Over the last months I have written several blogs concerning the burgeoning problem of ransomware attacks. Ransomware has been evolving rapidly of late and is liable to explode. According to Kapersky’s predictions for cybercrime in 2021, “cybercrime is set to evolve, with extortion practices becoming more widespread, ransomware gangs consolidating and advanced exploits being used to target victims.” When you add to this such problems as rising business email compromise problems and the difficulties of information security in the age of Covid, you can picture a pretty bleak outlook for data breaches and ransomware attacks next year.
Unfortunately, compromised business email information, weak remote working security practices and advanced vulnerability exploits can all be employed by organized gangs of cybercriminals to perpetrate ransomware; a type of attack that can present businesses with no-win solutions. If you pay the ransom, what is to keep the cybercriminals from revealing your stolen information publicly anyway, or coming back to you again with additional demands for money? If you pay, you can also possibly be in violation of U.S. laws and regulations. If you don’t pay, your private client information could be exposed publicly, possibly exposing you to regulatory sanctions and legal actions.
Of course, the best protection possible is to harden your business and personnel against successful social engineering attacks and cyber exploits. The problem is, no matter how good your information security program, you still may be compromised. To protect your business responsibly in this environment, you need to embrace all aspects of a good information security program: identify, protect, detect, respond and recover. These activities make up the framework core of the NIST Cybersecurity Framework (Framework for Improving Critical Infrastructure Cybersecurity, Version 1.1 (nist.gov).
Identify basically refers to knowing your business. It includes asset management (i.e. software and hardware inventories), examining the business environment, identifying risk, coming up with a risk management and governance strategy and examining supply chain and third-party risk. If you don’t know your business deeply and exactly, you have little chance of protecting it properly.

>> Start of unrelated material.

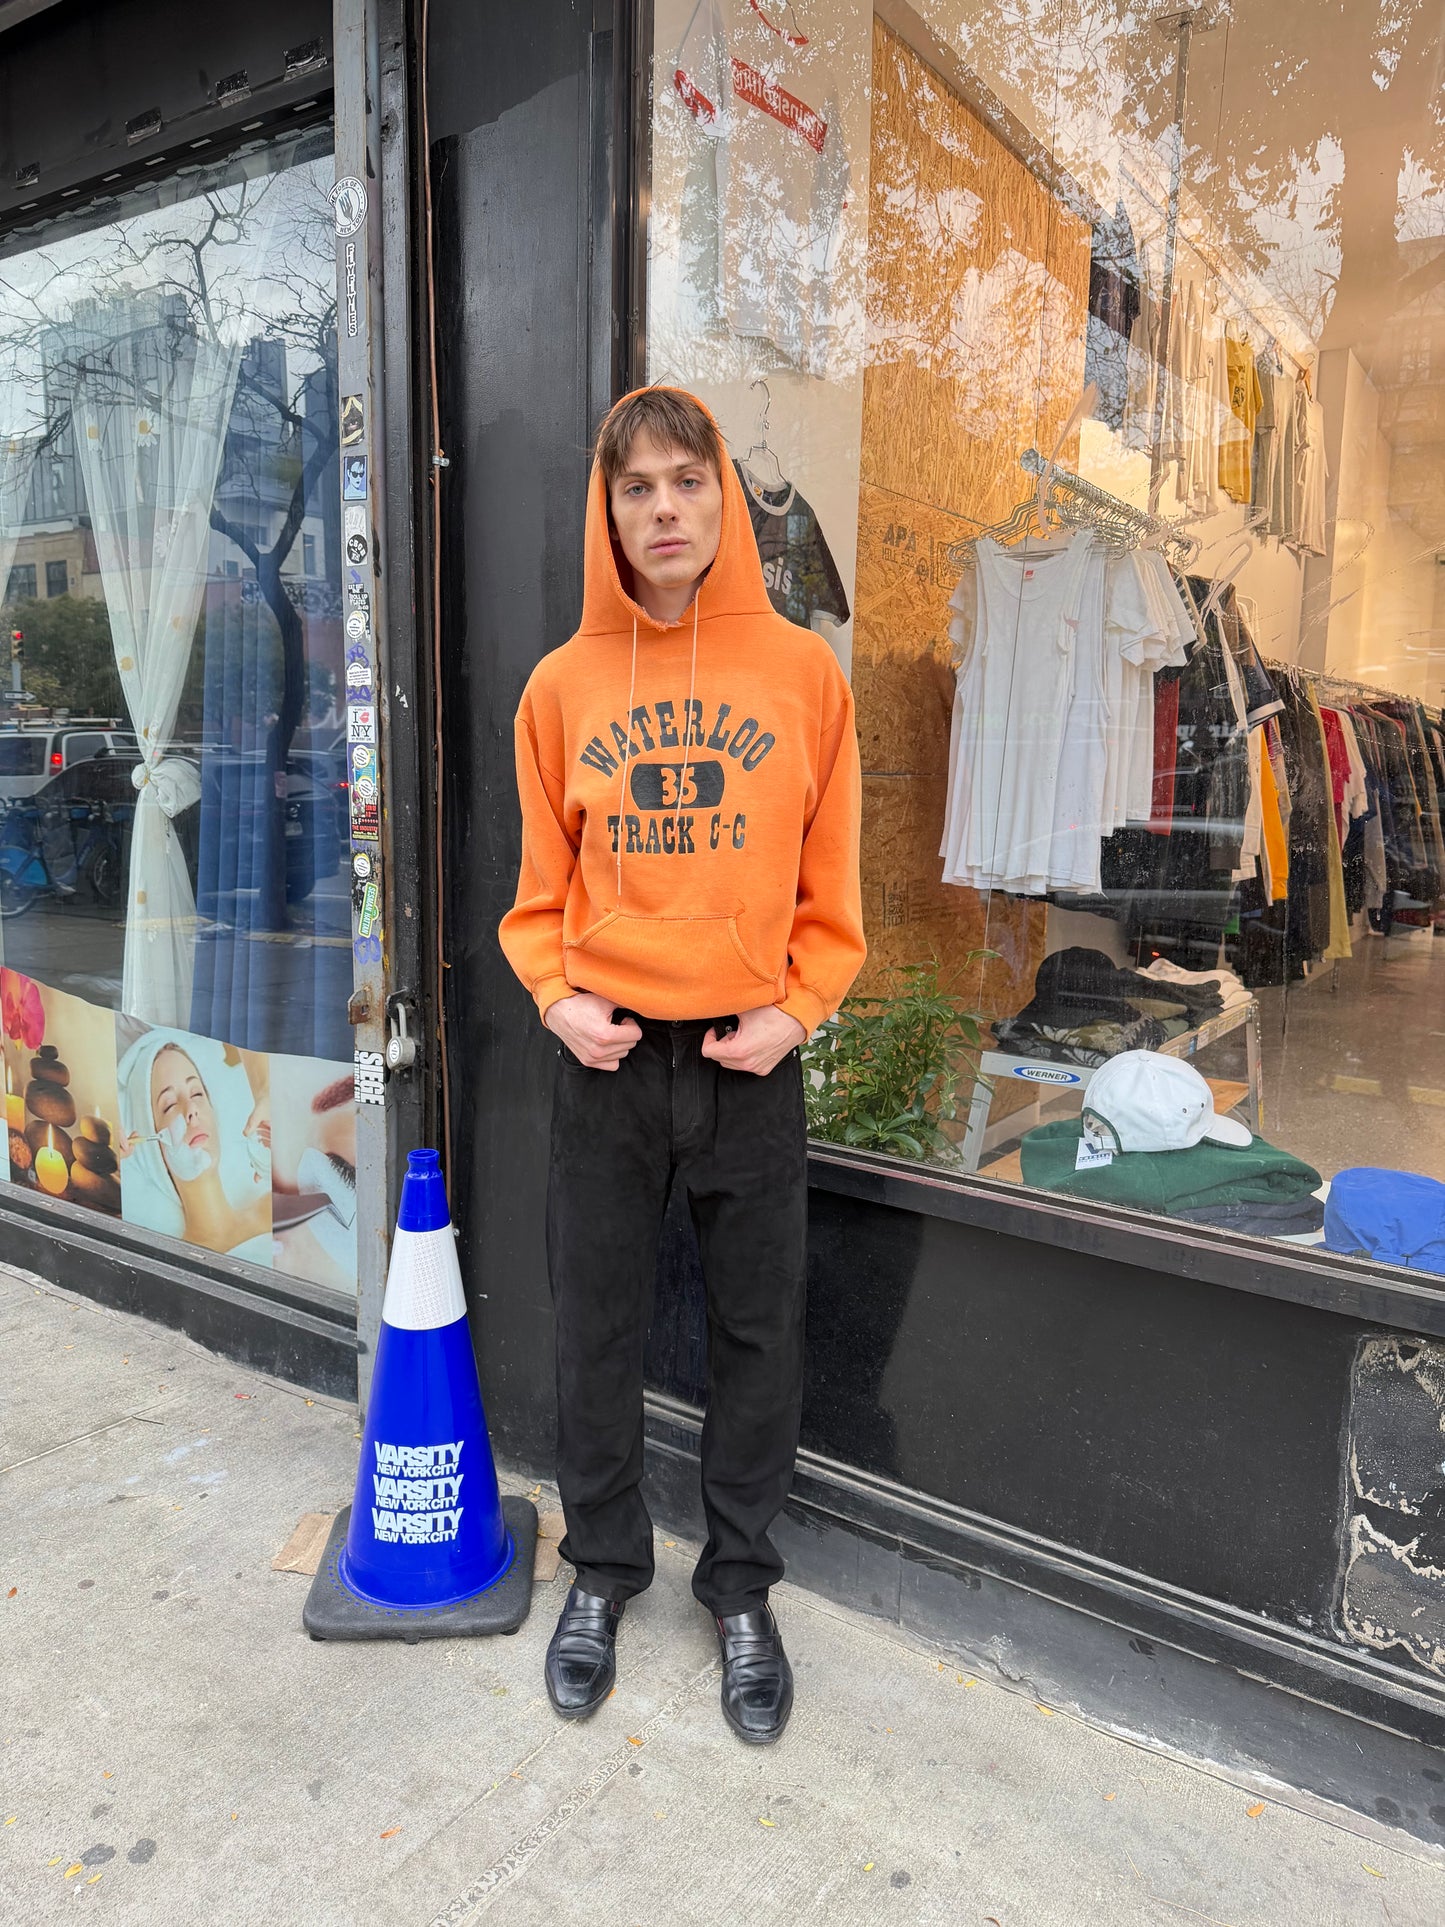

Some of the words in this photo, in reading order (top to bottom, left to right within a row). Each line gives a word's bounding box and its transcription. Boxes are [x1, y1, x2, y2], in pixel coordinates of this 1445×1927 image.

Protect refers to all those programs you put in place to prevent cybercriminals from compromising your systems and information in the first place. These functions include access controls, data security measures (i.e. protection for data at rest and in transit), information protection processes and procedures (i.e. configuration and change management control, security policies and procedures, etc.), protective technologies (i.e. email security systems, SIEM, etc.), security maintenance (i.e. patching and updating), and the ever-important security awareness and training.
This leads into the “detect” part of the framework. As we have pointed out in past blogs, all the security systems in the world won’t keep you safe if you don’t actually monitor them and leverage their output to detect anomalies when they occur. And to perform this function properly, you need to involve humans. The human mind remains the most effective detection tool there is.
The last two parts of the framework core are “respond” and “recover”. These basically refer to your incident response and business continuity/disaster recovery programs. As was stated earlier, no matter how good your program is, there is always the possibility of compromise. That is why responding quickly and effectively is so important. This entails both planning and practice. As does business continuity/disaster recovery. Proper planning and realistic testing programs are essential.
Cybercriminals are looking forward to their best year ever in 2021. Do what you can to thwart their ambitions. A good, well rounded information security program is the best you can do in this respect. We recommend embracing the paradigms included in the NIST Cybersecurity Framework in this effort for their clarity, effectiveness and relative ease of implementation.